■ Data to examine
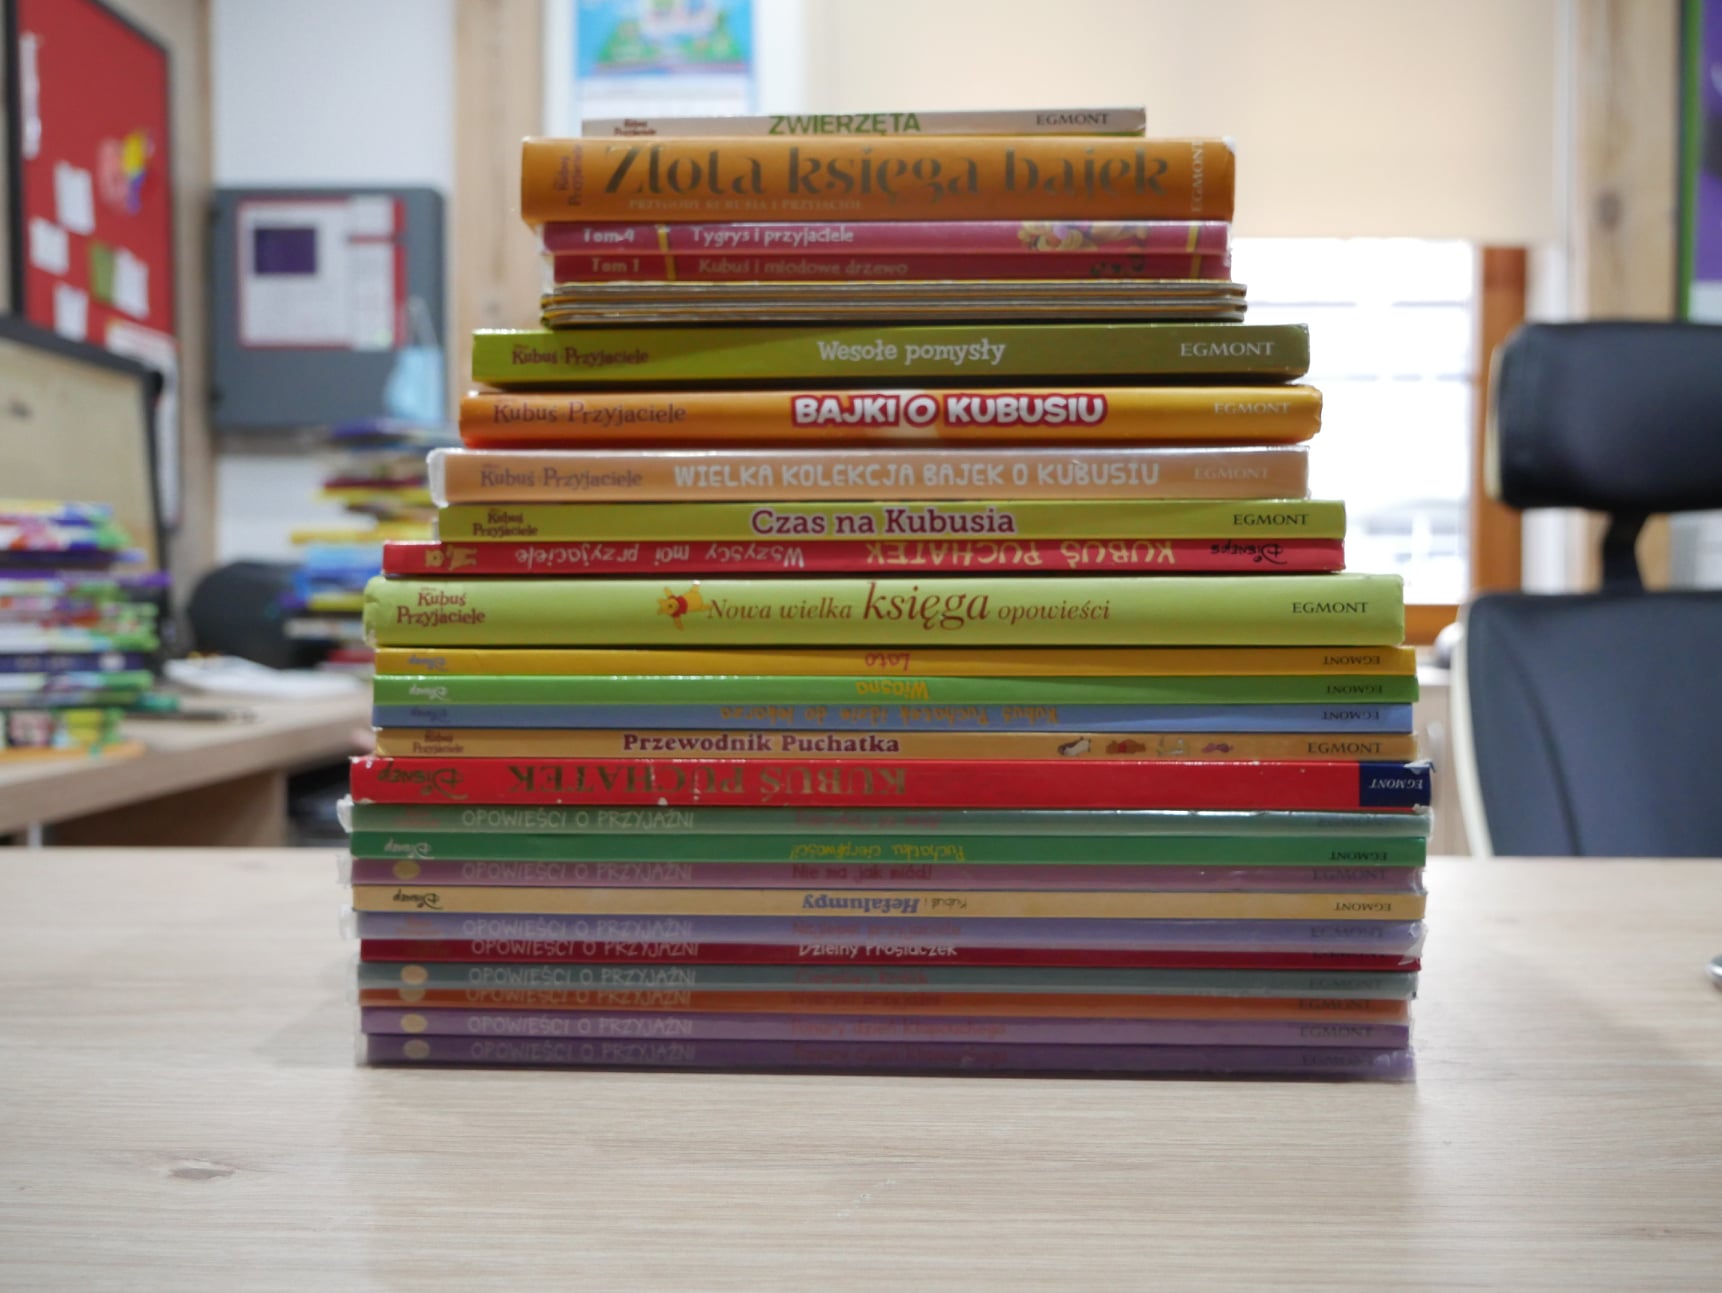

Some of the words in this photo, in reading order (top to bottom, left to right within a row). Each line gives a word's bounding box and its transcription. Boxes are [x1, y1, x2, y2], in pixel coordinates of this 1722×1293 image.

[768, 112, 921, 136] ZWIERZĘTA
[1036, 112, 1110, 126] EGMONT
[788, 146, 980, 204] księga
[1004, 146, 1170, 197] bajek
[1191, 140, 1205, 213] EGMONT
[584, 228, 619, 243] Tom
[622, 228, 636, 243] 4
[692, 228, 750, 247] Tygrys
[763, 225, 855, 248] przyjaciele
[591, 259, 629, 273] Tom
[698, 258, 751, 274] Kubuś
[764, 259, 842, 275] miodowe
[511, 348, 559, 365] Kubuś
[564, 347, 650, 367] Przyjaciele
[816, 338, 898, 361] Wesołe
[904, 338, 1006, 366] pomysły
[1180, 341, 1276, 357] EGMONT
[492, 402, 558, 424] Kubuś
[567, 401, 687, 428] Przyjaciele
[793, 395, 897, 424] BAJKI
[907, 396, 937, 423] O
[945, 394, 1106, 424] KUBUSIU
[1213, 401, 1292, 415] EGMONT
[479, 466, 535, 487] Kubuś
[541, 466, 643, 491] Przyjaciele
[674, 465, 775, 488] WIELKA
[782, 463, 915, 488] KOLEKCJA
[922, 463, 1005, 486] BAJEK
[1011, 463, 1028, 486] O
[1037, 461, 1161, 486] KUBUSIU
[1193, 466, 1270, 480] EGMONT
[750, 507, 826, 535] Czas
[834, 512, 876, 534] na
[883, 506, 1017, 535] Kubusia
[1233, 513, 1310, 527] EGMONT
[514, 543, 640, 567] przyjaciele
[652, 545, 691, 567] moi
[704, 543, 806, 568] Wszyscy
[866, 541, 1044, 566] PUCHATEK
[1060, 540, 1177, 569] KUBUŚ
[417, 591, 467, 607] Kubuś
[707, 599, 772, 620] Nowa
[779, 597, 853, 620] wielka
[862, 581, 991, 631] księga
[997, 599, 1111, 626] opowieści
[1292, 601, 1369, 615] EGMONT
[396, 606, 487, 628] Przyjaciele
[864, 652, 911, 672] Lato
[1322, 655, 1381, 666] EGMONT
[409, 682, 452, 700] Disney
[1326, 684, 1383, 695] EGMONT
[804, 706, 829, 724] do
[839, 706, 889, 724] idzie
[899, 706, 991, 725] Puchatek
[1002, 706, 1060, 725] Kubuś
[1321, 710, 1381, 721] EGMONT
[623, 733, 773, 752] Przewodnik
[780, 733, 900, 753] Puchatka
[1307, 742, 1383, 754] EGMONT
[377, 761, 469, 800] Disney
[506, 764, 746, 795] PUCHATEK
[759, 766, 908, 803] KUBUŚ
[1368, 778, 1424, 790] EGMONT
[461, 806, 566, 828] OPOWIEŚCI
[575, 809, 589, 826] O
[597, 806, 694, 829] PRZYJAŹNI
[383, 838, 436, 860] Disney
[1330, 851, 1388, 862] EGMONT
[461, 859, 566, 880] OPOWIEŚCI
[574, 862, 588, 879] O
[596, 860, 693, 882] PRZYJAŹNI
[393, 887, 444, 910] Disney
[801, 893, 921, 914] Hefalumpy
[1335, 902, 1392, 912] EGMONT
[462, 916, 567, 938] OPOWIEŚCI
[574, 919, 588, 936] O
[468, 965, 571, 987] OPOWIEŚCI
[579, 968, 593, 985] O
[600, 966, 697, 989] PRZYJAŹNI
[467, 1013, 569, 1035] OPOWIEŚCI
[578, 1016, 592, 1034] O
[598, 1014, 693, 1037] PRZYJAŹNI
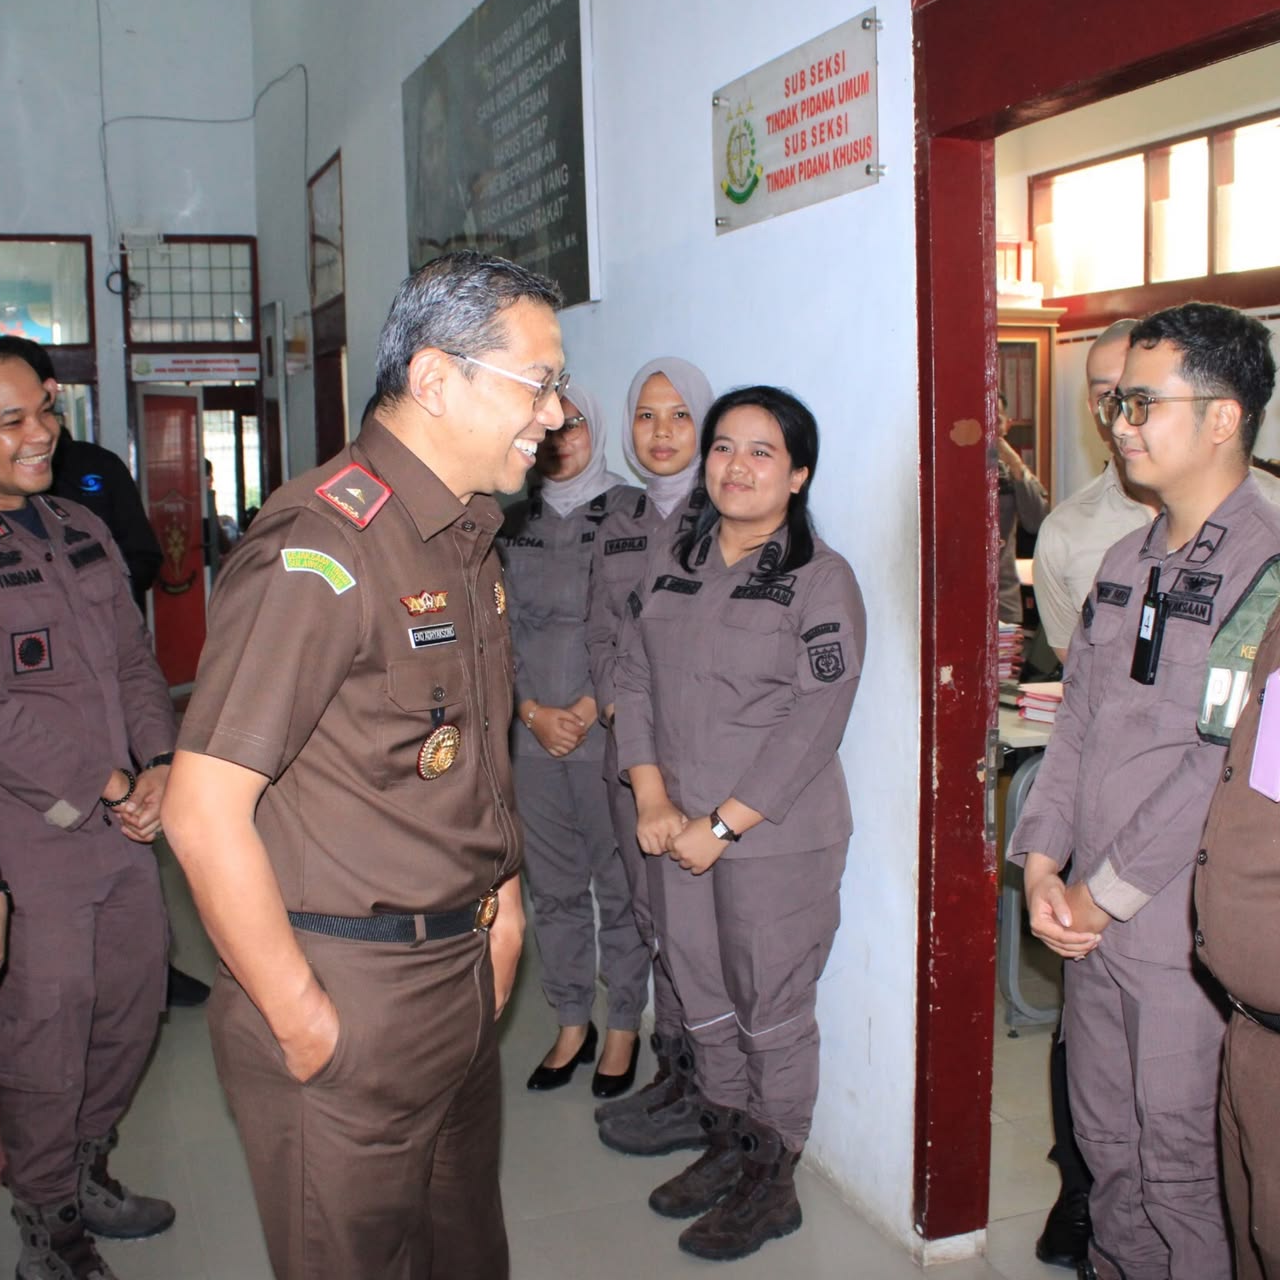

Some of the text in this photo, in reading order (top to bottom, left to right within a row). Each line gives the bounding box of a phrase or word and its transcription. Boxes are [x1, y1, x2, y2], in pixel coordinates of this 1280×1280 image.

[784, 50, 846, 98] SUB SEKSI
[766, 71, 870, 136] TINDAK PIDANA UMUM
[784, 112, 849, 158] SUB SEKSI
[543, 163, 569, 194] YANG
[766, 135, 873, 194] TINDAK PIDANA KHUSUS
[1240, 644, 1257, 660] KE
[1201, 667, 1252, 729] PI
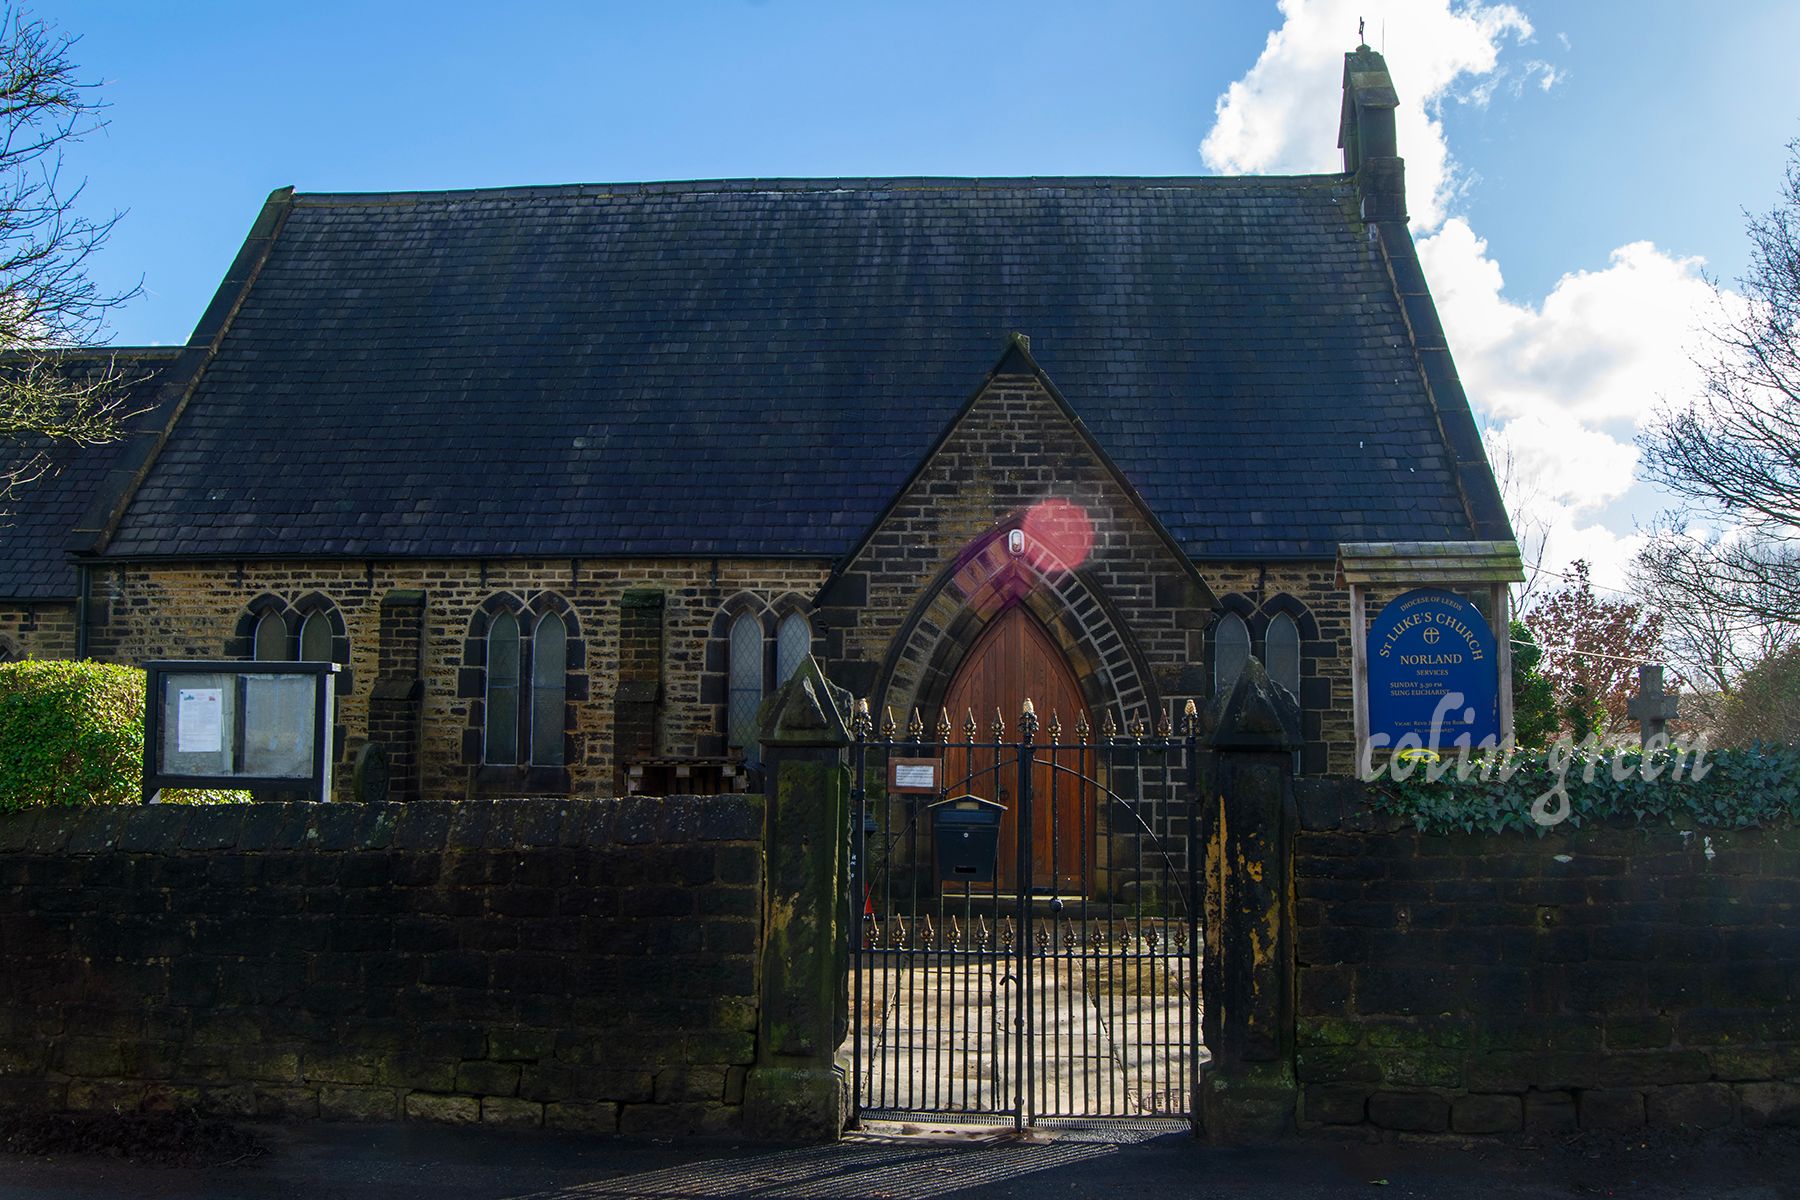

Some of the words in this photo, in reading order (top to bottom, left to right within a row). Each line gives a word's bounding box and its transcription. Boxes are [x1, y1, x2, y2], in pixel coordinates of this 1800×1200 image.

■ Work required
The expected output is the material above, repeated exactly and free of pictures.

■ Answer space
Some of the words in this photo, in reading order (top to bottom, left to right within a row). Each line gives a word's bounding box and its transcription. Boxes are [x1, y1, x2, y2], in pixel coordinates of this 1722×1293 image.

[768, 112, 921, 136] ZWIERZĘTA
[1036, 112, 1110, 126] EGMONT
[788, 146, 980, 204] księga
[1004, 146, 1170, 197] bajek
[1191, 140, 1205, 213] EGMONT
[584, 228, 619, 243] Tom
[622, 228, 636, 243] 4
[692, 228, 750, 247] Tygrys
[763, 225, 855, 248] przyjaciele
[591, 259, 629, 273] Tom
[698, 258, 751, 274] Kubuś
[764, 259, 842, 275] miodowe
[511, 348, 559, 365] Kubuś
[564, 347, 650, 367] Przyjaciele
[816, 338, 898, 361] Wesołe
[904, 338, 1006, 366] pomysły
[1180, 341, 1276, 357] EGMONT
[492, 402, 558, 424] Kubuś
[567, 401, 687, 428] Przyjaciele
[793, 395, 897, 424] BAJKI
[907, 396, 937, 423] O
[945, 394, 1106, 424] KUBUSIU
[1213, 401, 1292, 415] EGMONT
[479, 466, 535, 487] Kubuś
[541, 466, 643, 491] Przyjaciele
[674, 465, 775, 488] WIELKA
[782, 463, 915, 488] KOLEKCJA
[922, 463, 1005, 486] BAJEK
[1011, 463, 1028, 486] O
[1037, 461, 1161, 486] KUBUSIU
[1193, 466, 1270, 480] EGMONT
[750, 507, 826, 535] Czas
[834, 512, 876, 534] na
[883, 506, 1017, 535] Kubusia
[1233, 513, 1310, 527] EGMONT
[514, 543, 640, 567] przyjaciele
[652, 545, 691, 567] moi
[704, 543, 806, 568] Wszyscy
[866, 541, 1044, 566] PUCHATEK
[1060, 540, 1177, 569] KUBUŚ
[417, 591, 467, 607] Kubuś
[707, 599, 772, 620] Nowa
[779, 597, 853, 620] wielka
[862, 581, 991, 631] księga
[997, 599, 1111, 626] opowieści
[1292, 601, 1369, 615] EGMONT
[396, 606, 487, 628] Przyjaciele
[864, 652, 911, 672] Lato
[1322, 655, 1381, 666] EGMONT
[409, 682, 452, 700] Disney
[1326, 684, 1383, 695] EGMONT
[804, 706, 829, 724] do
[839, 706, 889, 724] idzie
[899, 706, 991, 725] Puchatek
[1002, 706, 1060, 725] Kubuś
[1321, 710, 1381, 721] EGMONT
[623, 733, 773, 752] Przewodnik
[780, 733, 900, 753] Puchatka
[1307, 742, 1383, 754] EGMONT
[377, 761, 469, 800] Disney
[506, 764, 746, 795] PUCHATEK
[759, 766, 908, 803] KUBUŚ
[1368, 778, 1424, 790] EGMONT
[461, 806, 566, 828] OPOWIEŚCI
[575, 809, 589, 826] O
[597, 806, 694, 829] PRZYJAŹNI
[383, 838, 436, 860] Disney
[1330, 851, 1388, 862] EGMONT
[461, 859, 566, 880] OPOWIEŚCI
[574, 862, 588, 879] O
[596, 860, 693, 882] PRZYJAŹNI
[393, 887, 444, 910] Disney
[801, 893, 921, 914] Hefalumpy
[1335, 902, 1392, 912] EGMONT
[462, 916, 567, 938] OPOWIEŚCI
[574, 919, 588, 936] O
[468, 965, 571, 987] OPOWIEŚCI
[579, 968, 593, 985] O
[600, 966, 697, 989] PRZYJAŹNI
[467, 1013, 569, 1035] OPOWIEŚCI
[578, 1016, 592, 1034] O
[598, 1014, 693, 1037] PRZYJAŹNI

Some of the text in this photo, in reading order (top to bottom, left to right within a row). Each line gives the bounding box of a phrase or word and its transcription. Boxes are [x1, y1, x2, y2], in pixel coordinates of this 1280×1280 image.

[784, 50, 846, 98] SUB SEKSI
[766, 71, 870, 136] TINDAK PIDANA UMUM
[784, 112, 849, 158] SUB SEKSI
[543, 163, 569, 194] YANG
[766, 135, 873, 194] TINDAK PIDANA KHUSUS
[1240, 644, 1257, 660] KE
[1201, 667, 1252, 729] PI

Some of the words in this photo, in reading order (top to bottom, left to right within a row). Each line gives a word's bounding box and its transcription. Boxes are [x1, y1, x2, y2], in pixel coordinates of this 1800×1200 image.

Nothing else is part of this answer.